Mosala hesitated. De Groot flashed me a warning look, but I ignored it. I said, “Culture First?”
“Culture First is the most pathetic. It’s the last refuge for people desperate to think of themselves as ‘intellectuals'—while remaining complete scientific illiterates. Most of them are just nostalgic for the era when a third of the planet was controlled by people whose definition of a civilized education was Latin, European military history, and the selected doggerel of a few overgrown British schoolboys.”
I grinned. “Mystical Renaissance?”
Mosala smiled ironically. “They start from such good intentions, don’t they? They say most people are blind to the world around them: sleepwalkers in a zombie’s routine of mundane work and mind-numbing entertainment. I couldn’t agree more. They say they want everyone on the planet to become ‘attuned’ to the universe we’re living in, and to share the awe they feel when they confront the deep strangeness of it alclass="underline" the dizzying length and time scales of cosmology, the endlessly rich complexities of the biosphere, the bizarre paradoxes of quantum mechanics.
“Well… all of those things inspire awe in me, too—some of the time—but Mystical Renaissance treats that response as an end in itself.
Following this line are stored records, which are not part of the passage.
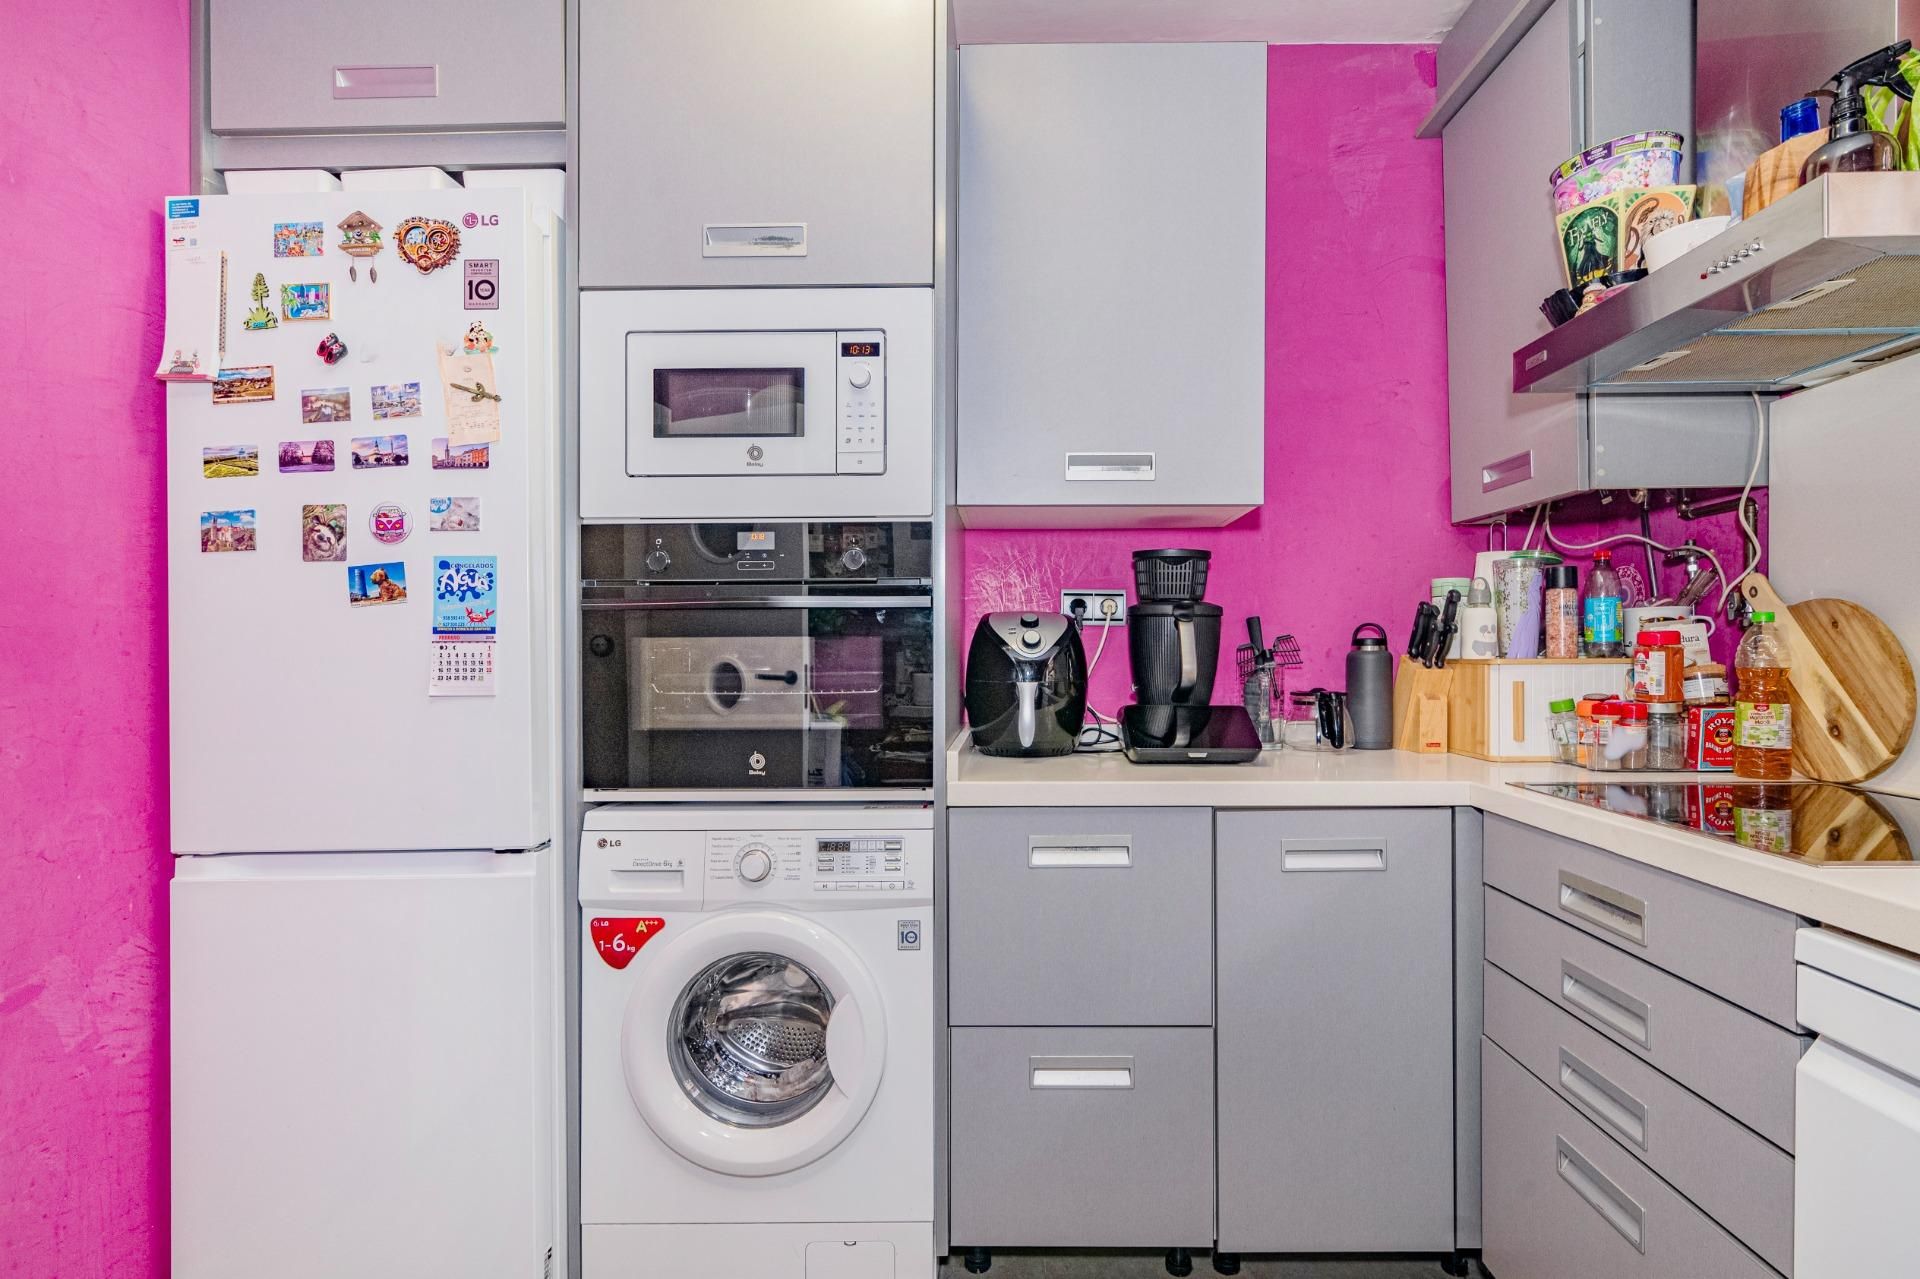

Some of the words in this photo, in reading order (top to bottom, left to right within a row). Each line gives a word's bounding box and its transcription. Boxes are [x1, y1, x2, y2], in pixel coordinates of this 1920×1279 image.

[481, 214, 499, 226] LG
[467, 279, 496, 301] 10
[849, 345, 871, 355] 10:13
[1708, 717, 1735, 731] ROYA
[609, 839, 622, 847] LG
[635, 919, 659, 933] A+++
[900, 930, 918, 944] 10
[626, 944, 636, 953] kg
And they want science to pull back from investigating anything which gives them a high in its pristine, unexplained state—in case they don’t get the same rush from it, once it’s better understood. Ultimately, they’re not interested in the universe at all—any more than people who romanticize the life of animals into a cartoon world where no blood is spilled… or people who deny the existence of ecological damage, because they don’t want to change the way they live. Followers of Mystical Renaissance only want the truth if it suits them, if it induces the right emotions. If they were honest, they’d just stick a hot wire in their brain at whatever location made them believe they were undergoing a constant mystical epiphany—because in the end, that’s all they’re after.”
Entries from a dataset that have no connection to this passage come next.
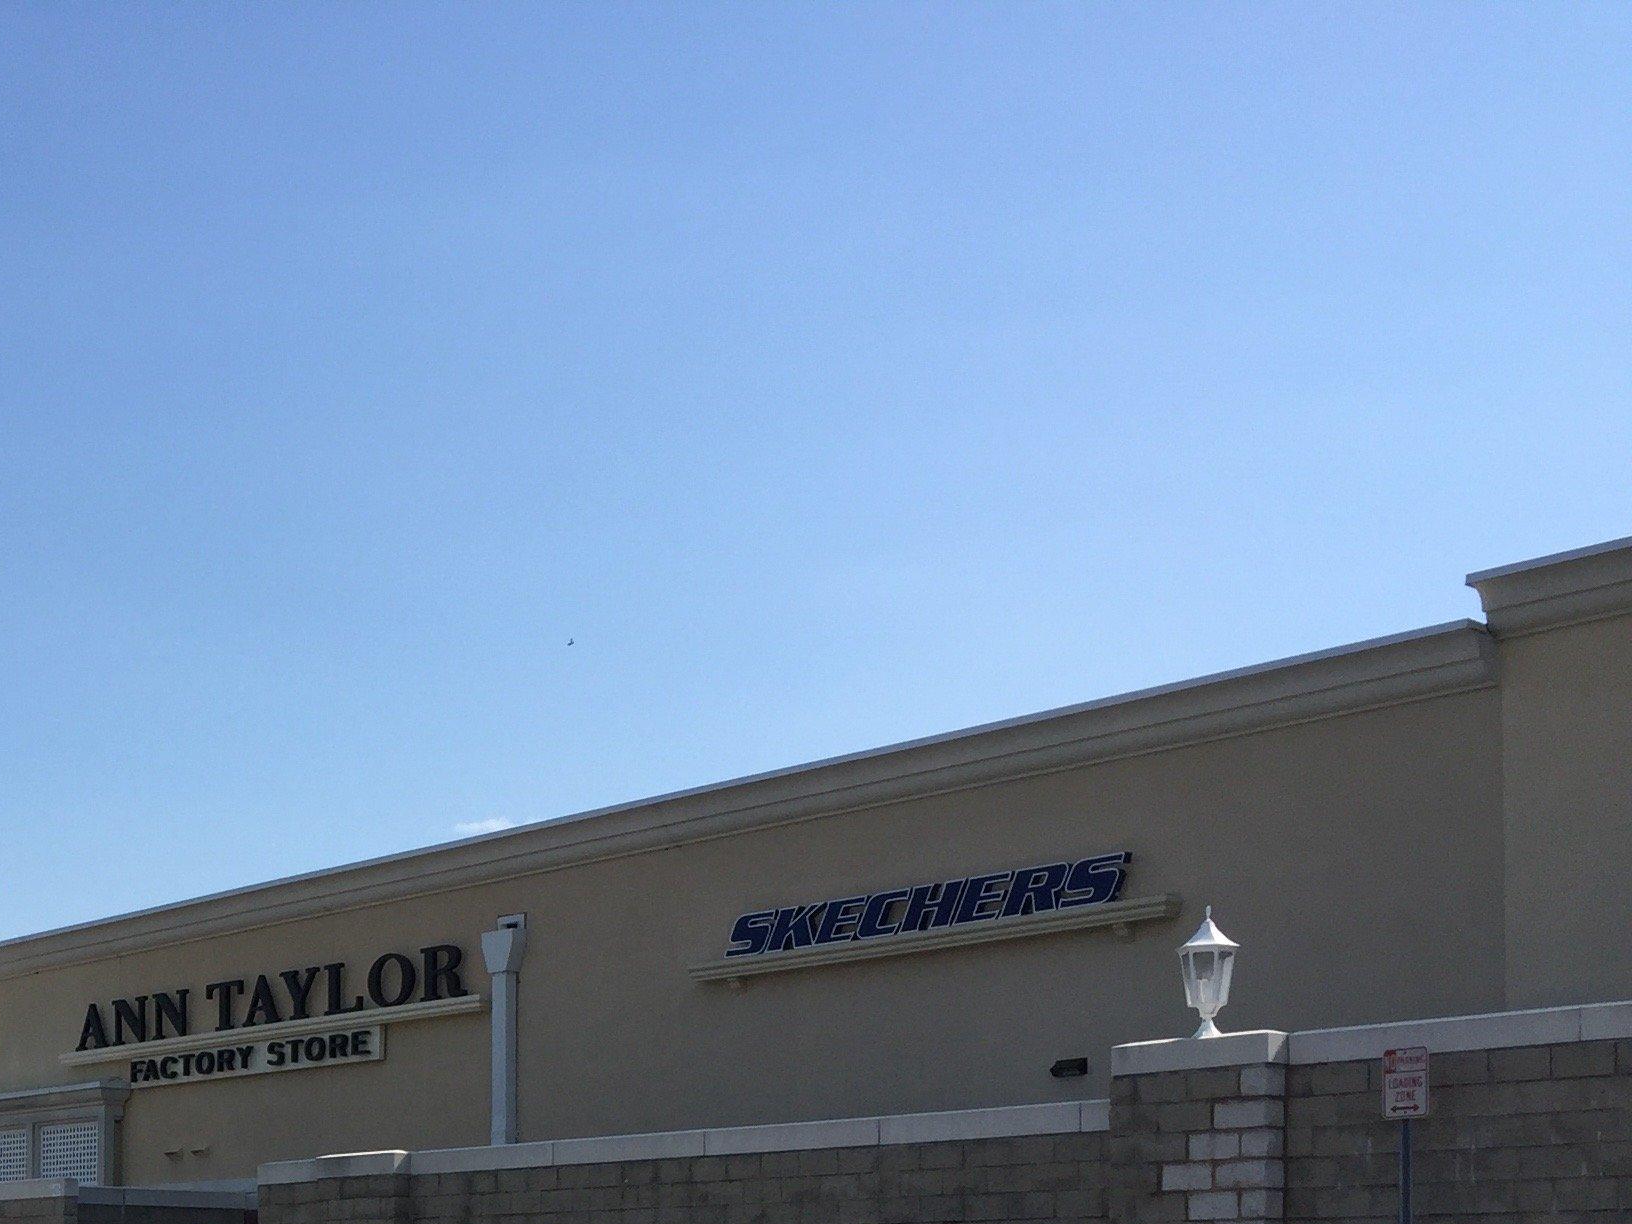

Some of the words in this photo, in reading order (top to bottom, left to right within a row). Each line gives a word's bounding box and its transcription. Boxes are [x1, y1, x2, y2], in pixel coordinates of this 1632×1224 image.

[724, 851, 1133, 958] SKECHERS
[75, 989, 190, 1052] ANN
[206, 943, 467, 1032] TAYLOR
[130, 1046, 254, 1083] FACTORY
[267, 1030, 372, 1066] STORE
[1395, 1090, 1416, 1102] ZONE
This was priceless; no one of Mosala’s stature had ever really let fly against the cults like this. Not on the public record. “Humble Science!?”
Mosala’s eyes flashed with anger. “They’re the worst, by far. The most patronizing, the most cynical. Janet Walsh is just a tactician and a figurehead; most of the real leaders are far better educated. And in their collective wisdom, they’ve decided that the fragile blossom of human culture just can’t survive any more revelations about what human beings really are, or how the universe actually functions.
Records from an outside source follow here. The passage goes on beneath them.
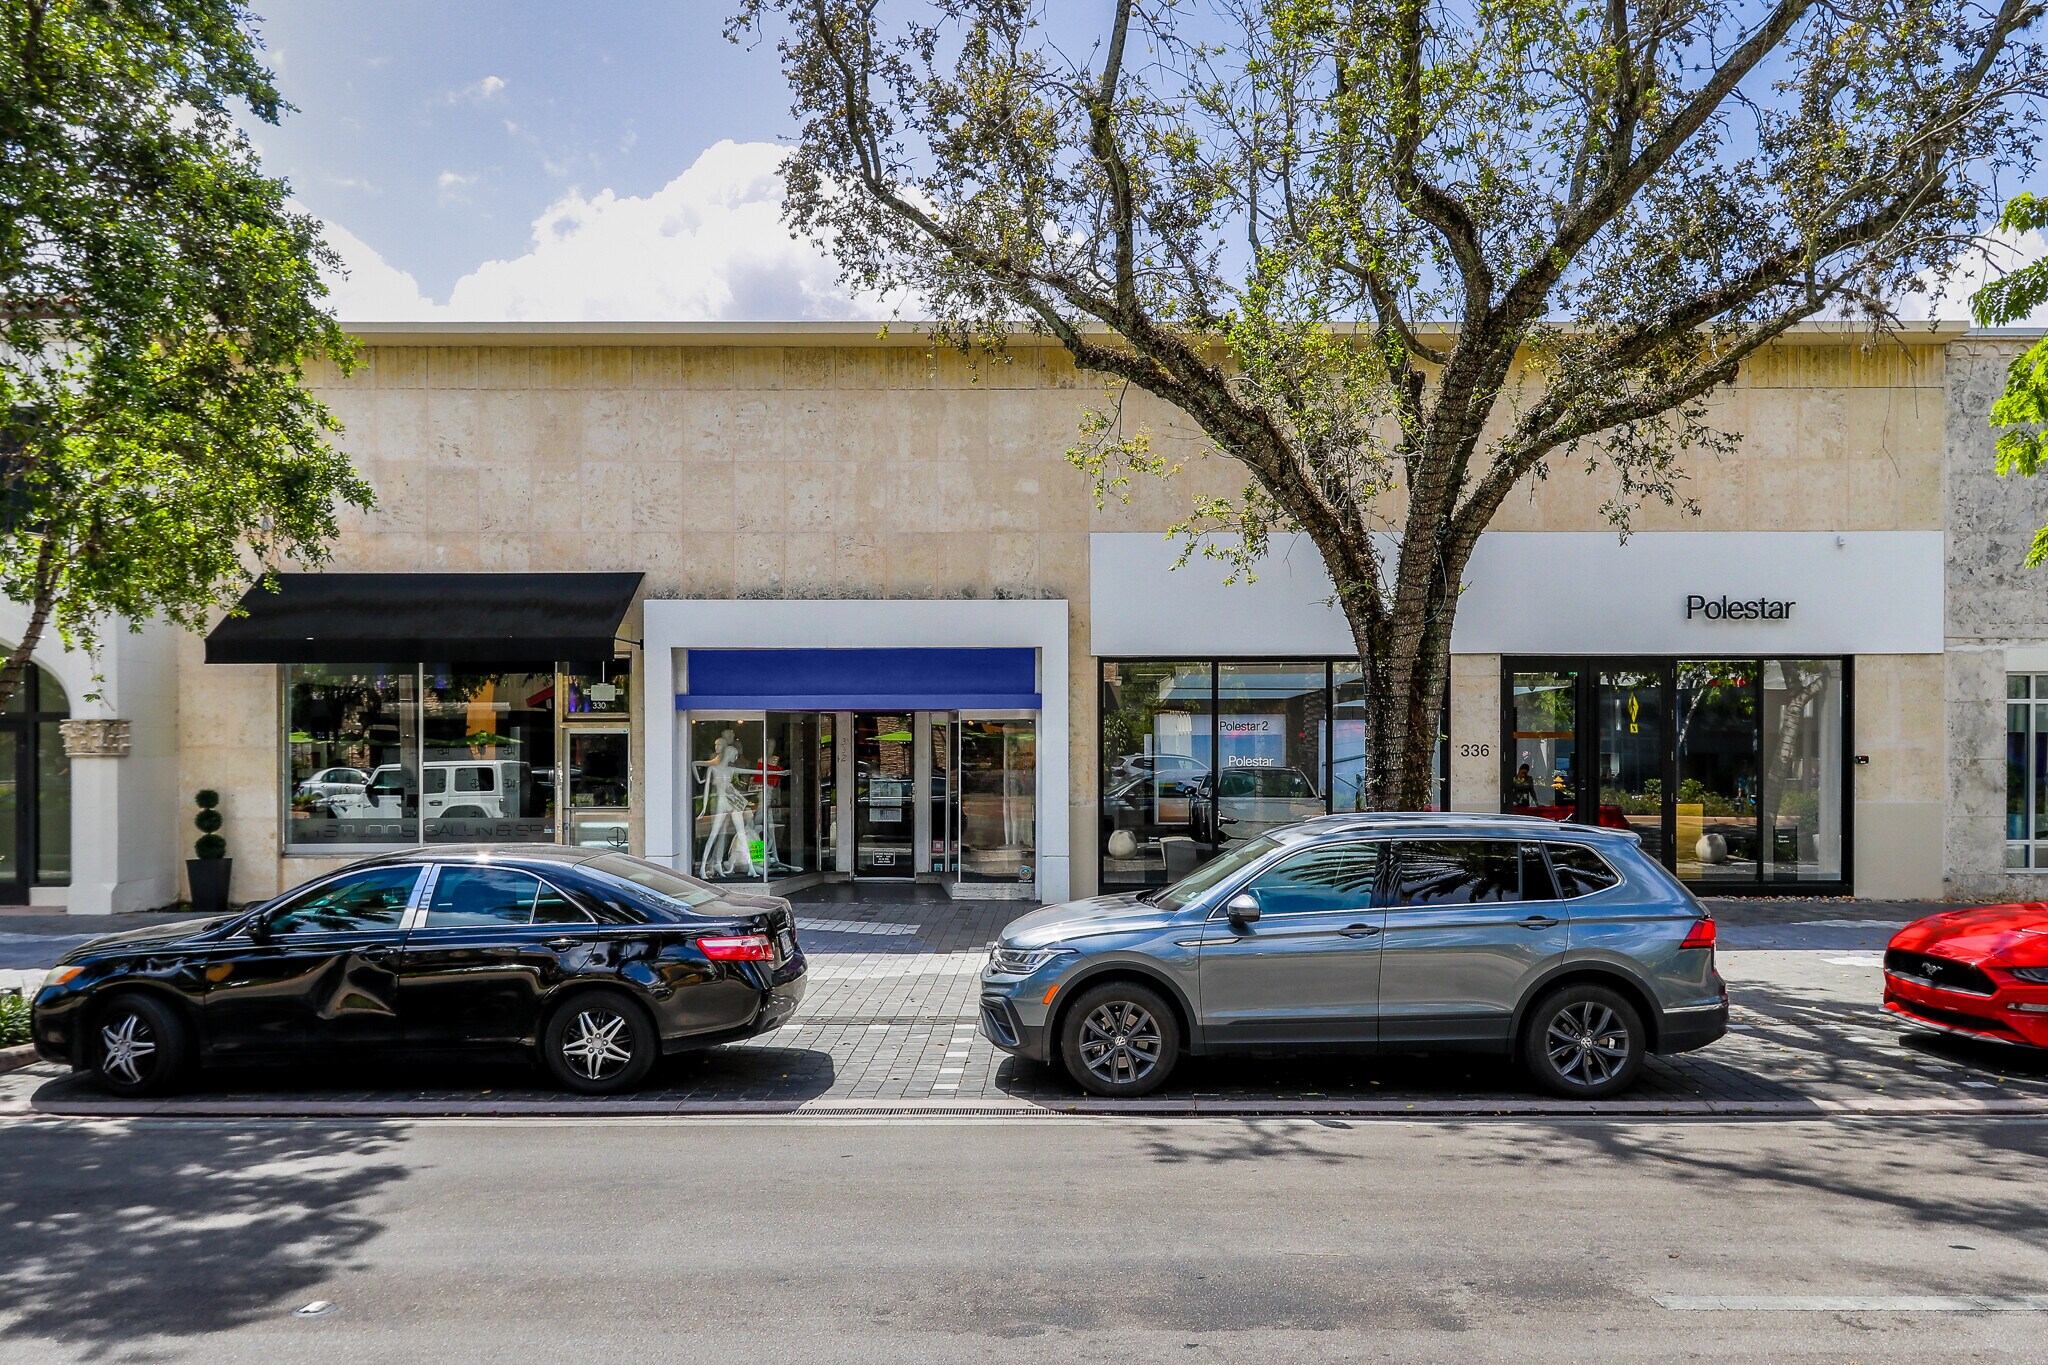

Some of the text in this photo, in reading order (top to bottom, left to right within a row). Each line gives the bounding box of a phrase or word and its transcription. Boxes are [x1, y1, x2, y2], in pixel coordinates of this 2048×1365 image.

[1686, 594, 1796, 620] Polestar
[592, 701, 607, 710] 330
[1219, 720, 1269, 732] Polestar 2
[1460, 743, 1490, 757] 336
[1228, 755, 1274, 767] Polestar
“If they spoke out against the abuse of biotechnology, I’d back them all the way. If they spoke out against weapons research, I’d do the same. If they stood for some coherent system of values which made the most pitiless scientific truths less alienating to ordinary people… without denying those truths… I’d have no quarrel with them at all.
“But when they decide that all knowledge—beyond a border which is theirs to define—is anathema to civilization and sanity, and that it’s up to some self-appointed cultural elite to generate a set of hand-made ‘life-affirming’ myths to take its place… to imbue human existence with some suitably uplifting—and politically expedient—meaning… they become nothing but the worst kind of censors and social engineers.”
I suddenly noticed that Mosala’s slender arms, spread out on the table in front of her, were trembling; she was far angrier than I’d realized. I said, “It’s almost nine, but we could take this up again after Buzzo’s lecture, if you have time?”